The former mob enforcer was locked up when Heavy D passed away back in 2011 but one story that fueled his motivation from that moment on was a conversation the MC had with Diddy.
“Heavy and I used to jog by his place in Beverly Hills and he had just booked The Tracy Morgan Show and he was telling me how he had just called Puffy and he was all excited that he had gotten a part on The Tracy Morgan Show and Puffy turned the table on him and said ‘What are you happy about that for? That’s peanuts. They handed you off a little something. Sean John just made X amount of dollars this year. Go on and do your own shit,” remembered Perez. “They always had that competitive vibe with each other and they’d push each other. He was telling me that cause at the time I was shooting a commercial on spec so it was his way of letting me know that this is how our boys talk to each other. Don’t be satisfied with a couple of pennies. Go for the big dollars.”

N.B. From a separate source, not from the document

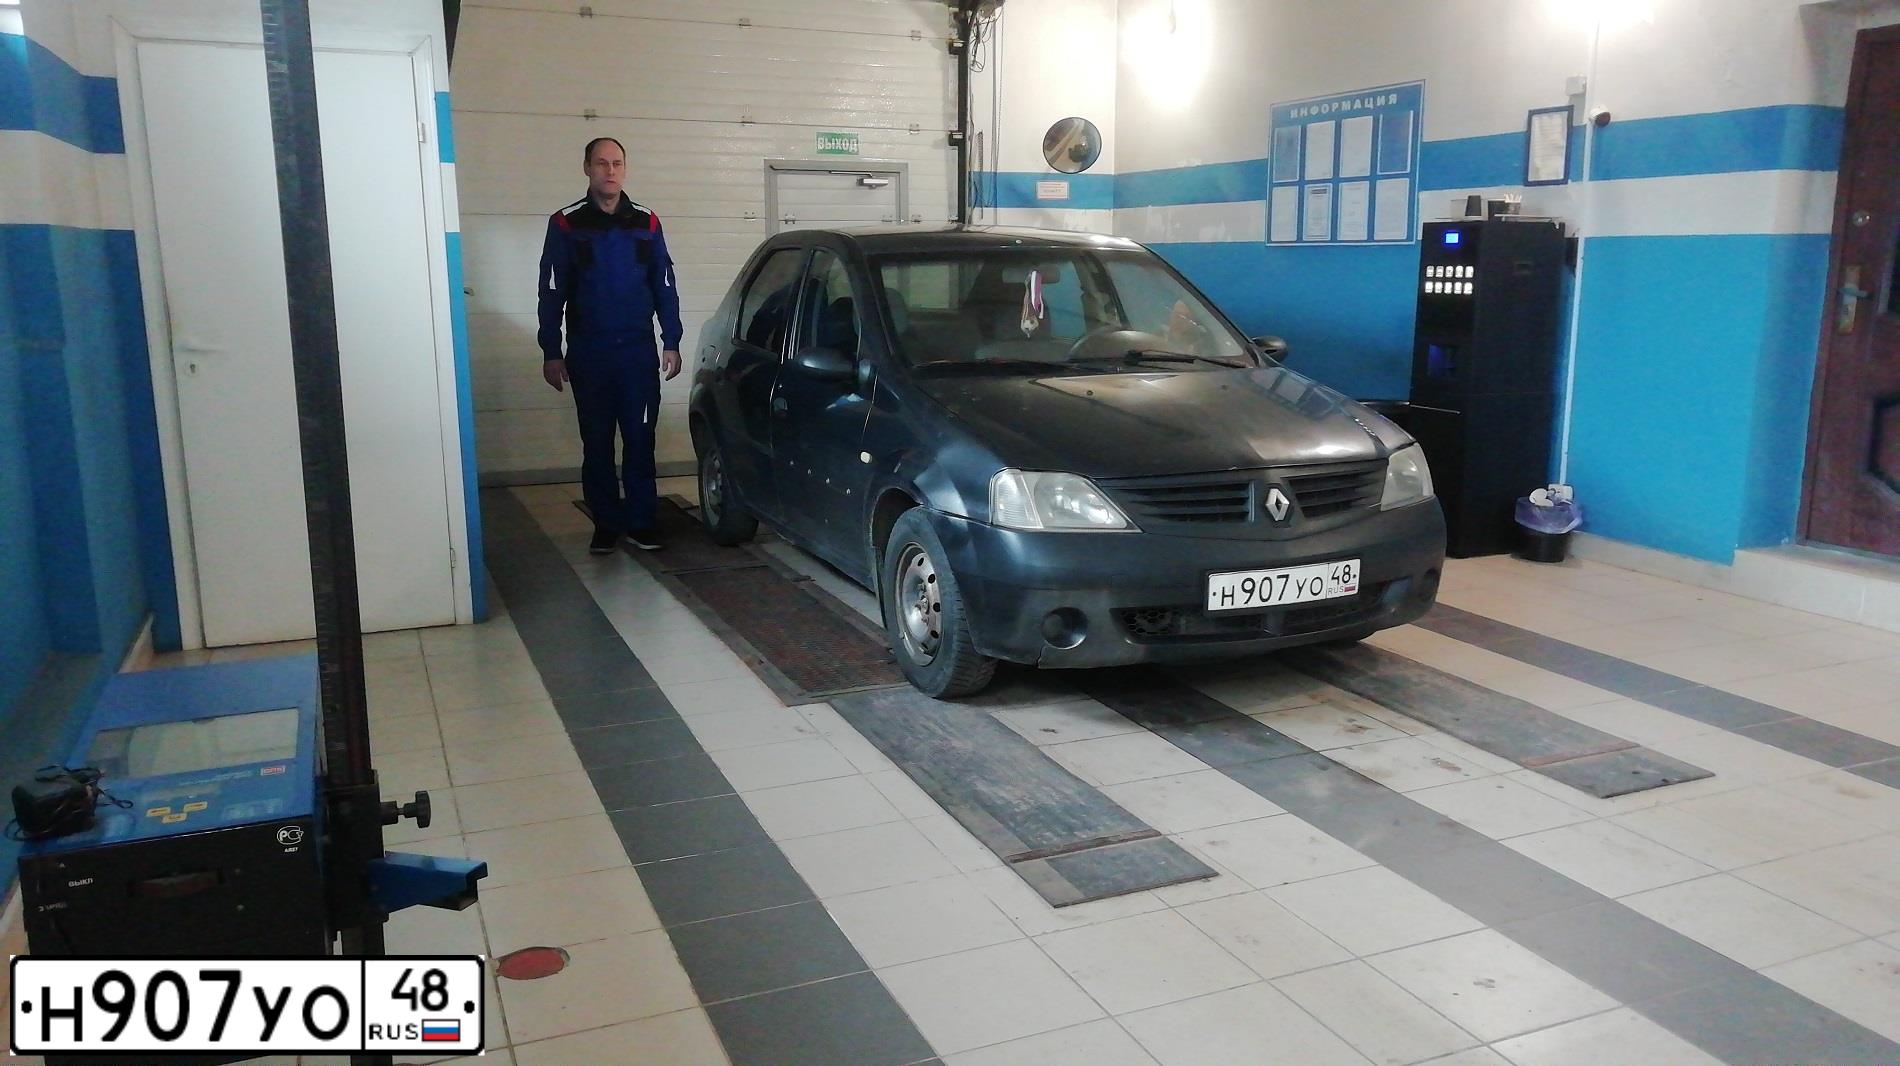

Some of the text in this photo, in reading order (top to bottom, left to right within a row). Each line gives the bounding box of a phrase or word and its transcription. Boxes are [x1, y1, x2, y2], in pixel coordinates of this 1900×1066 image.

In the book, Riley chronicles the dark day-to-day life of incarceration (including a stint he did as Charles Manson’s neighbor). From race and gang politics to clandestine negotiations with the Corrections Officers Perez’s book depicts a system that needs to change. Like Meek Mill (https://www.thefader.com/2018/08/15/meek-mill-prison-reform-wrongful-conviction-podcast) Perez saw firsthand a system devoid of rehabilitation.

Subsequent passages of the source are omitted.